Using functional MRI (fMRI), researchers at the Mind Research Network in Albuquerque, NM, have found that playing the computer game Tetris makes the brain more efficient, as the repetitive activity results in increased gray matter.
Over a three-month period, adolescent girls practiced the computer game Tetris, which requires a combination of cognitive skills. The girls who practiced showed greater brain efficiency, consistent with earlier studies. Compared to controls, the girls who practiced also had a thicker cortex, but not in the same brain areas where efficiency occurred.
Dr. Rex Jung, a co-investigator on the Tetris study and a clinical neuropsychologist, said that the practice increased gray matter in the motor areas of the brain.
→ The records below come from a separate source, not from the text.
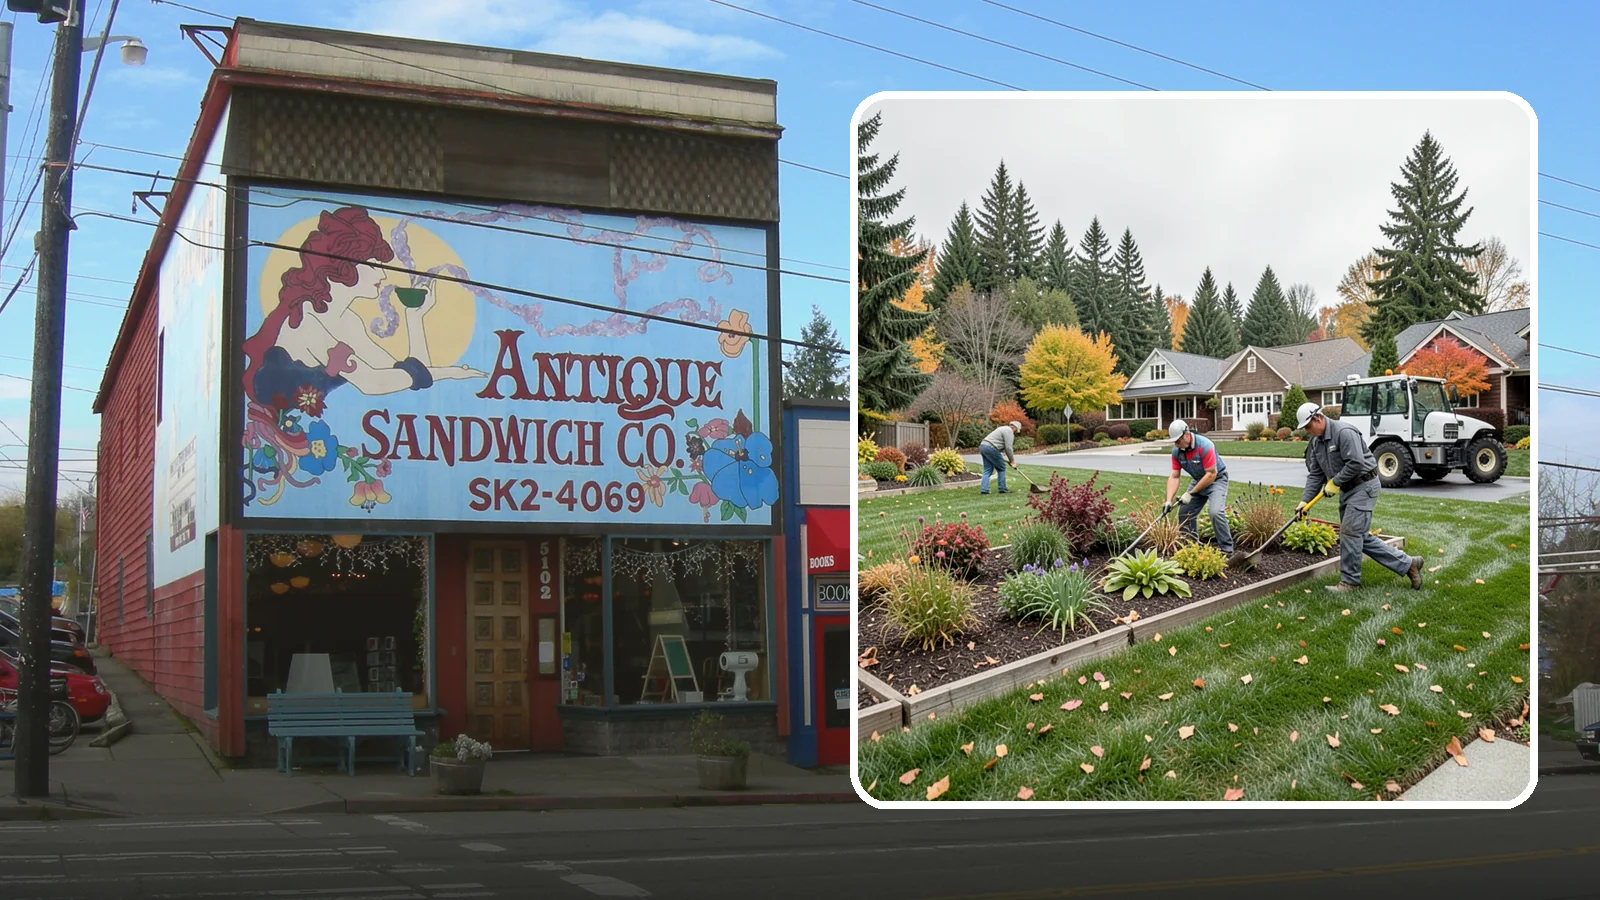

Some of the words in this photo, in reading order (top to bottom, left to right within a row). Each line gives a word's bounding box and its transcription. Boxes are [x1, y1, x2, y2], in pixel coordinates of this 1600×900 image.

[476, 328, 724, 421] ANTIQUE
[361, 408, 605, 468] SANDWICH
[616, 421, 686, 469] CO.
[468, 476, 646, 514] SK2-4069
[539, 541, 552, 600] 5102
[810, 555, 835, 569] BOOKS
The study was published in the journal BMC Research Notes.
The study showed that practice on a challenging visuospatial task such as Tetris affects the structure of the cortex, which supports a growing body of scientific evidence showing that the brain can change with stimulation -- and is in striking contrast with the pervasive and recently outmoded belief that a brain's structure is fixed, said Dr. Sherif Karama, a co-investigator at the Montreal Neurological Institute in Canada.
The researchers hope to continue their work with larger, more diverse samples to investigate whether the brain changes they measured revert back when subjects stop playing Tetris.